Your copy of the listing should match it exactly, only without pictures.
══ Excerpted data ══
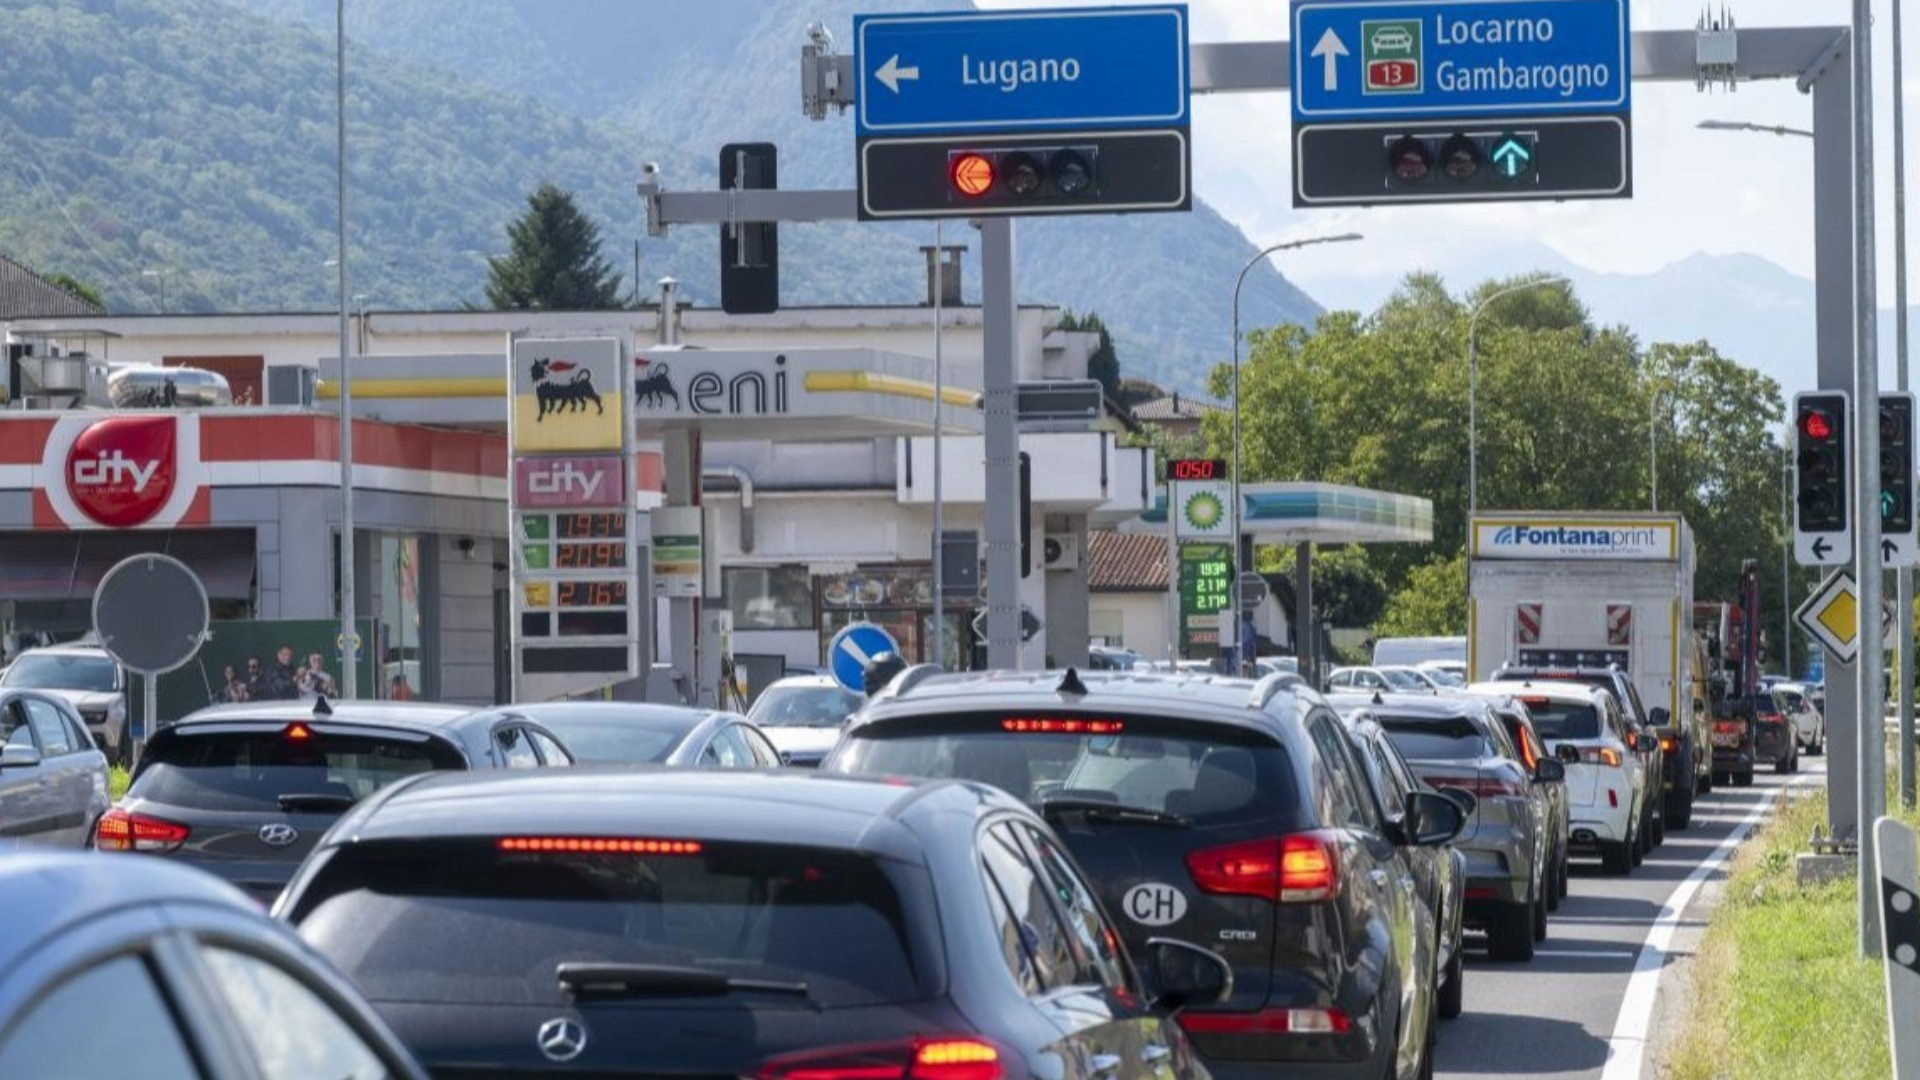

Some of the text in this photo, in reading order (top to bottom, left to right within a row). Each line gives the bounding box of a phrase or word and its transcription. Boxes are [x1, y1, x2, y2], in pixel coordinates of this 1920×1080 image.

[1437, 14, 1554, 45] Locarno
[962, 54, 1081, 92] Lugano
[1381, 64, 1402, 84] 13
[1437, 57, 1609, 96] Gambarogno
[688, 354, 787, 413] eni
[74, 449, 160, 493] city
[529, 462, 605, 500] city
[1132, 887, 1174, 920] CH
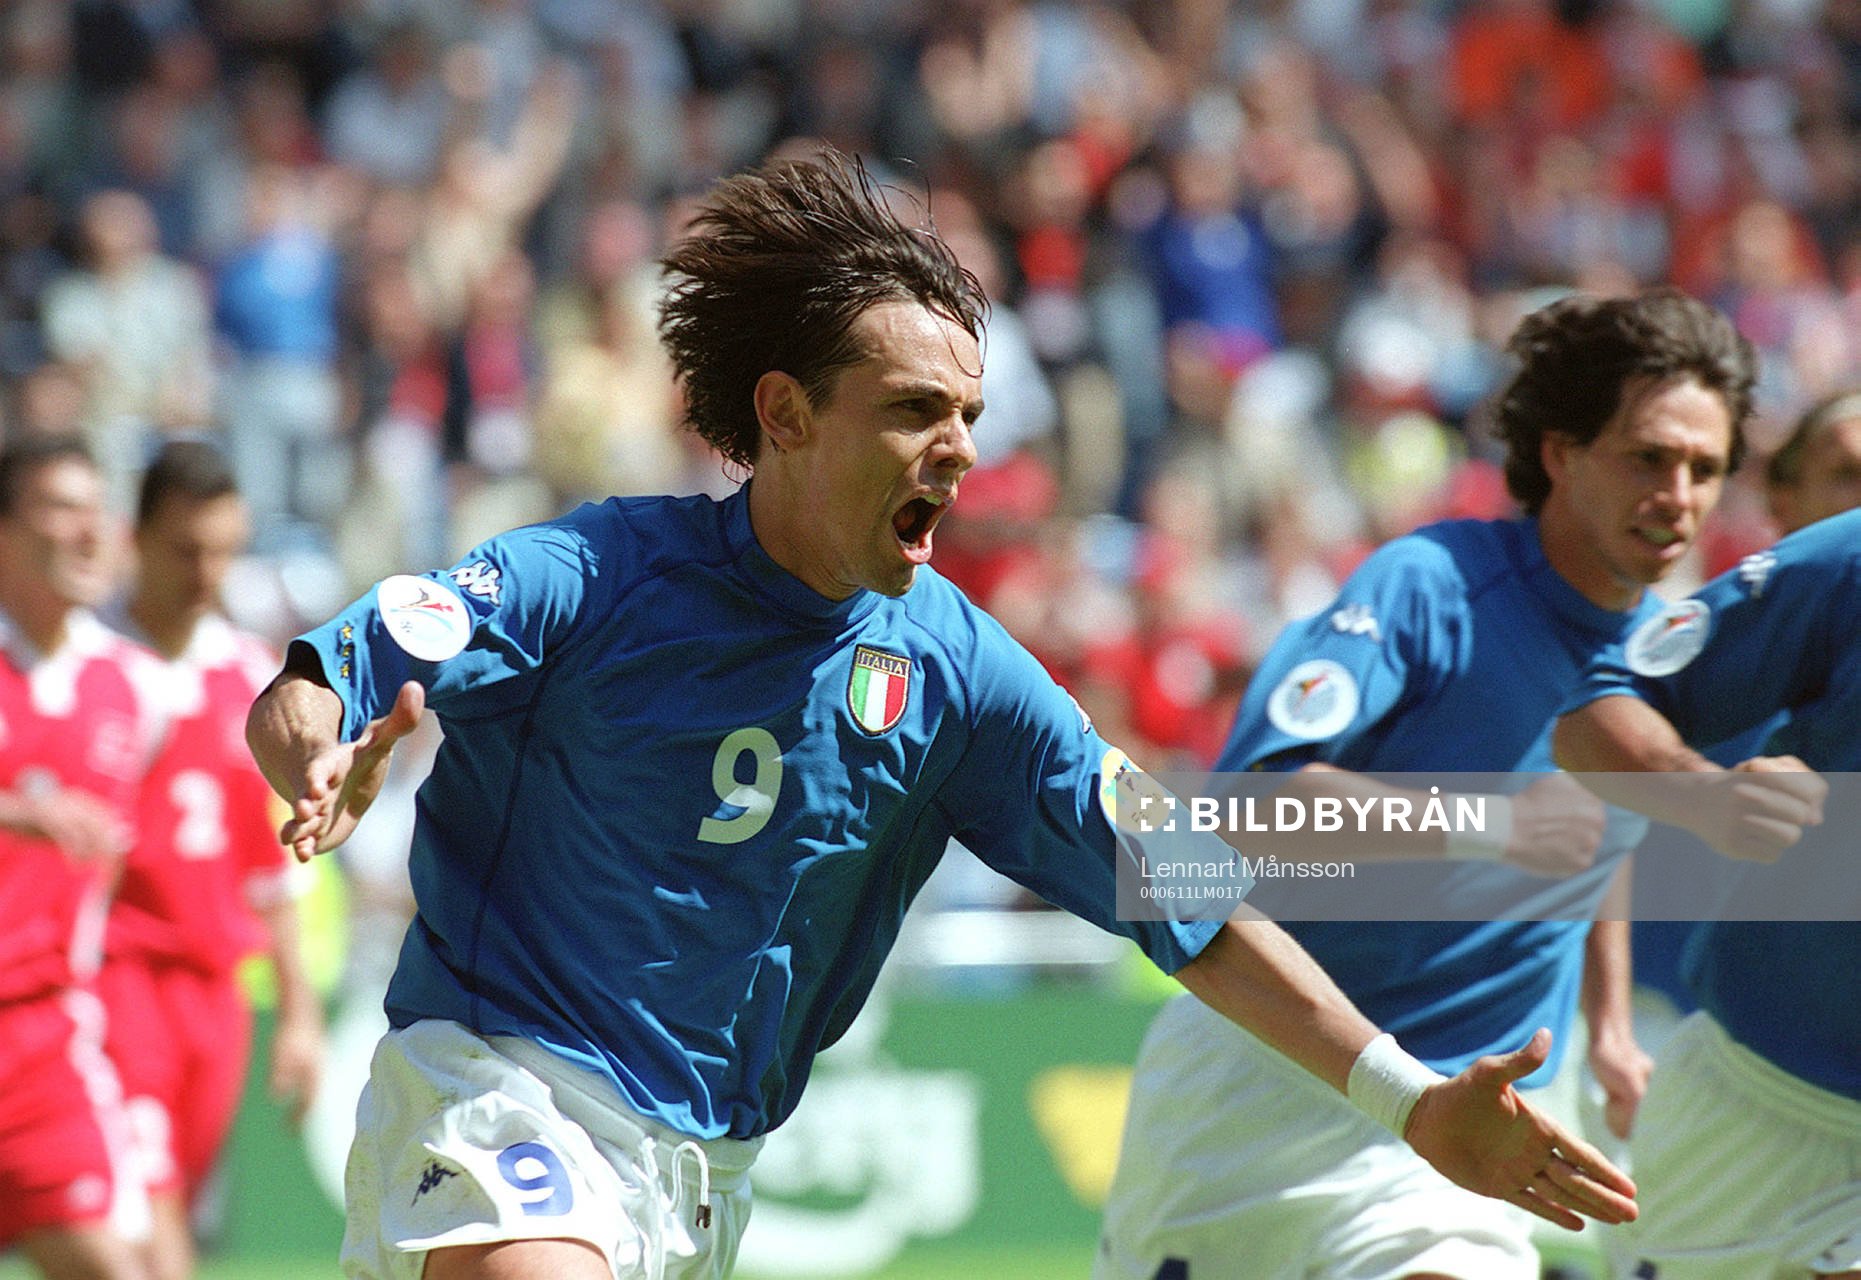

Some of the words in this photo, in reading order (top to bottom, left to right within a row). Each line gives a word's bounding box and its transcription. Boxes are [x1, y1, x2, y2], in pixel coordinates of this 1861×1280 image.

[860, 652, 903, 674] ITALIA
[697, 727, 783, 844] 9
[497, 1142, 574, 1216] 9
═══
Result =>
Some of the text in this photo, in reading order (top to bottom, left to right within a row). Each line gives the bounding box of a phrase or word and its transcription. Boxes are [x1, y1, x2, y2], in pixel coordinates of this 1920×1080 image.

[1437, 14, 1554, 45] Locarno
[962, 54, 1081, 92] Lugano
[1381, 64, 1402, 84] 13
[1437, 57, 1609, 96] Gambarogno
[688, 354, 787, 413] eni
[74, 449, 160, 493] city
[529, 462, 605, 500] city
[1132, 887, 1174, 920] CH

Some of the words in this photo, in reading order (top to bottom, left to right within a row). Each line gives a word's bounding box and its transcription. Boxes are [x1, y1, x2, y2], in pixel coordinates of this 1861×1280 image.

[860, 652, 903, 674] ITALIA
[697, 727, 783, 844] 9
[497, 1142, 574, 1216] 9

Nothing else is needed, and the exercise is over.